Definition: What is an AV fistula?
The term “AV fistula” is an abbreviation for the term arteriovenous fistula. It refers to a direct short circuit connection between an artery and a vein. Normal blood flow takes place from the heart through the arteries to the smallest blood vessels at the individual organs and from there through the veins back to the heart.
An AV fistula leads to a direct blood flow from the artery into the vein via a connection. Most AV fistulas are artificially produced, for example for dialysis treatment. In addition, there are pathological AV fistulas, which are usually the result of an injury to a blood vessel, for example during a cardiac catheter examination.
AV fistulas can also be congenital. Possible locations are the groin region, the brain or the spinal cord. Since the pathological AV fistula leads to a disturbance of the normal blood flow, it may have to be surgically removed.
Therapy of AV fistulas
The treatment of an AV fistula depends, on the one hand, on where in the body it is located and, on the other hand, whether and to what extent it causes discomfort or stress for the patient. Smaller superficial arteriovenous fistulas can often be treated with a pressure bandage. This is intended to ensure that the vessel connection closes again spontaneously.

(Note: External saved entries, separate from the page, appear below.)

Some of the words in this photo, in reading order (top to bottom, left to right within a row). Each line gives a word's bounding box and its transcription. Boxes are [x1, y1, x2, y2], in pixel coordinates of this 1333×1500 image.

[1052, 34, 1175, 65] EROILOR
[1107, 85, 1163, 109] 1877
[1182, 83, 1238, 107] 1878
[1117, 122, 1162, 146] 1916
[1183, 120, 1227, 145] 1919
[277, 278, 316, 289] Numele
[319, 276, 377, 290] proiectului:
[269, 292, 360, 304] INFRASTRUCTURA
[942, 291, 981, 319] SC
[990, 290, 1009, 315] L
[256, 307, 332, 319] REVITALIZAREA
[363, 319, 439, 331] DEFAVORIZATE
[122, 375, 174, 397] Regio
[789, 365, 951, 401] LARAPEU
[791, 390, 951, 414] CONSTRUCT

However, surgical or interventional therapy is often required to treat an AV fistula. If the fistula is located in the brain, for example, a small platinum spiral can be inserted into the fistula through a catheter advanced into the blood vessels. This ensures that the vascular connection closes.
Such a procedure is called embolization. Another method of achieving embolisation of an AV fistula is the injection of certain substances. This is also done by means of a specifically advanced vascular catheter.

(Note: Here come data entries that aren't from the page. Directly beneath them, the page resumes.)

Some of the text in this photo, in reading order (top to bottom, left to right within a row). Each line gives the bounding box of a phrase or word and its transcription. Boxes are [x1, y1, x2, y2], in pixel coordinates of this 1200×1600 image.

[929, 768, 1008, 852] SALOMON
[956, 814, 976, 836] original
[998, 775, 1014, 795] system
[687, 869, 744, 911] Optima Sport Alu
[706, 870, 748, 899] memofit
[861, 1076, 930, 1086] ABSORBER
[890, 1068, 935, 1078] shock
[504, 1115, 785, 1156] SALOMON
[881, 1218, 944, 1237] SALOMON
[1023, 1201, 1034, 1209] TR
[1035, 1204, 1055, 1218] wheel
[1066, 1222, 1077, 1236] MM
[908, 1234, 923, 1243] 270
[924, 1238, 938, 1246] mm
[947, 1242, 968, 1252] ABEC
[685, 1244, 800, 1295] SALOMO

If embolization is not possible or if there are reasons against such a procedure, the treatment of an AV fistula can only be achieved by vascular surgery. In this procedure, the vascular connections are usually loosened using a scalpel or laser beam, and the blood vessels are blocked or closed. Depending on where the AV fistula is located, how large it is and how much blood flows through it, this can be a minor intervention or a complex operation.
The prognosis for an AV fistula is as follows
The prognosis in the presence of an AV fistula depends mainly on the patient’s general condition and concomitant diseases. If a fistula requiring treatment is diagnosed and treated in time, the prognosis is often good. However, the prognosis for therapy depends to a large extent on the organ or body region in which the AV fistula is located.

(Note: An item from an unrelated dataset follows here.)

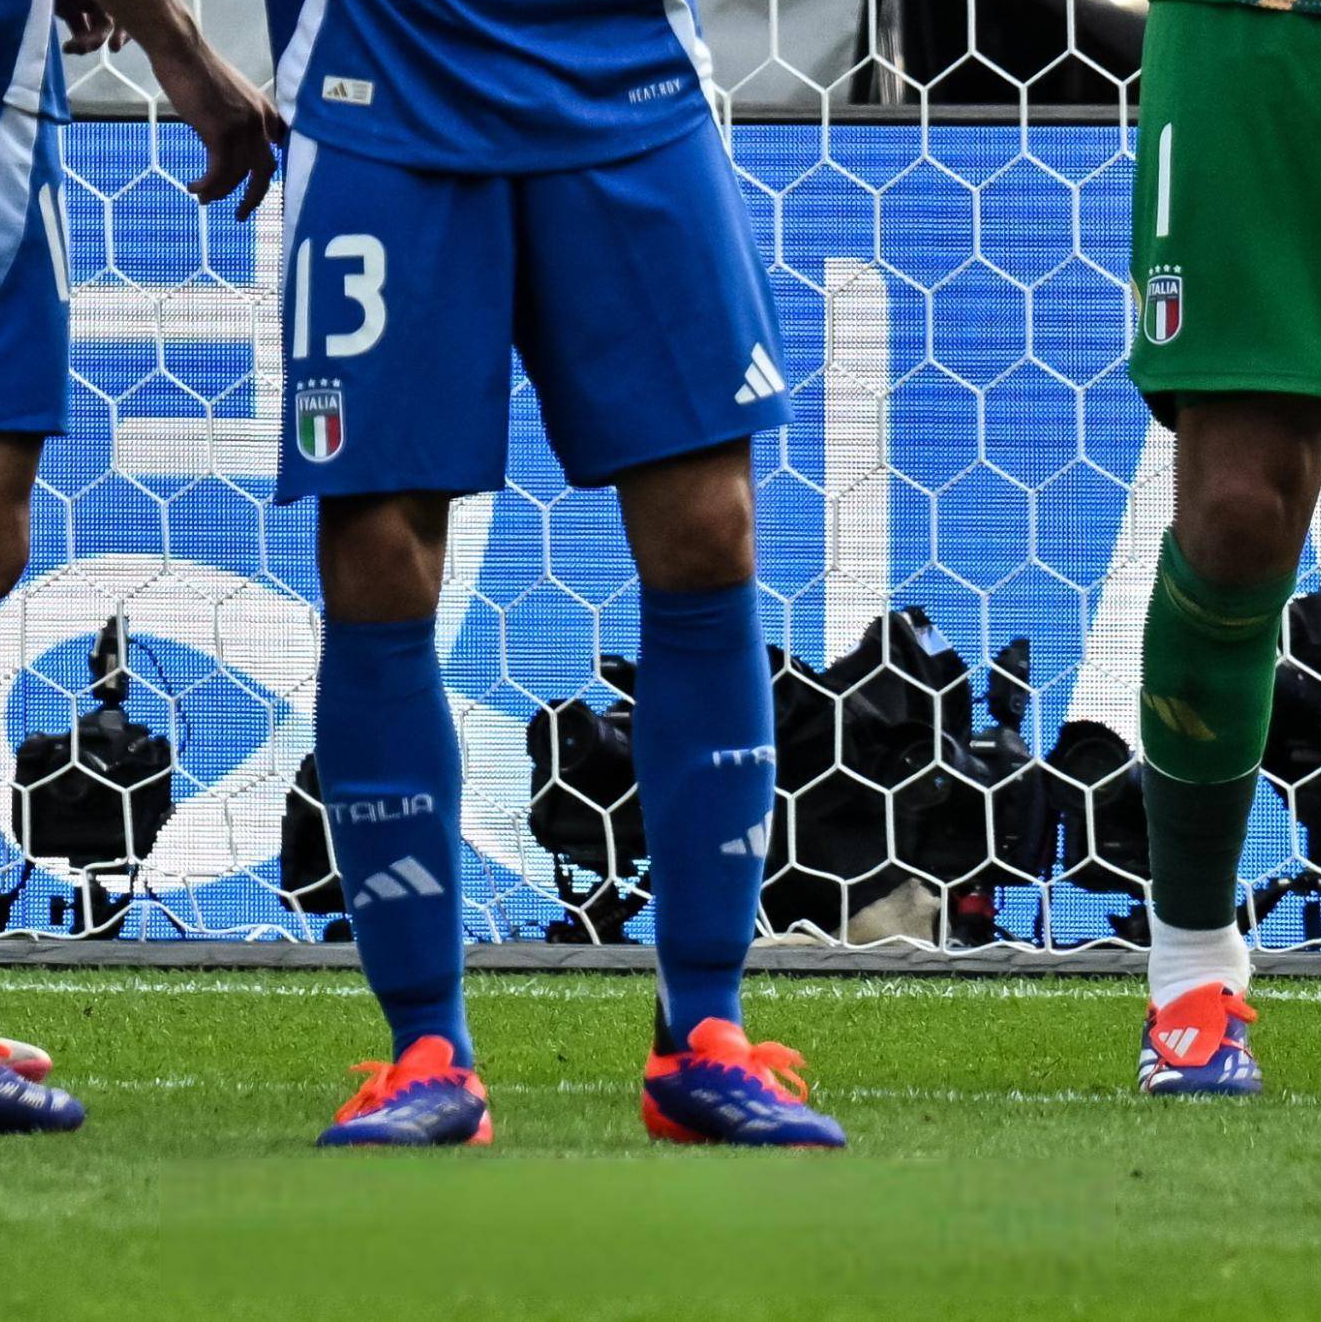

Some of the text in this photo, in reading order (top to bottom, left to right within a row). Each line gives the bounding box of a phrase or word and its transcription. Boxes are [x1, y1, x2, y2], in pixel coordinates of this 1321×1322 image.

[292, 233, 386, 359] 13
[1149, 281, 1179, 296] ITALIA
[299, 395, 338, 411] ITALIA

The prognosis for an artificial AV fistula, for example for dialysis, is often limited due to the kidney dysfunction and the fact that other organs are often simultaneously restricted compared to healthy people. Nevertheless, many people can live with an AV fistula for many years even if they have to undergo dialysis. In some cases, a kidney transplant can even eliminate the need for dialysis, so the prognosis can be very good.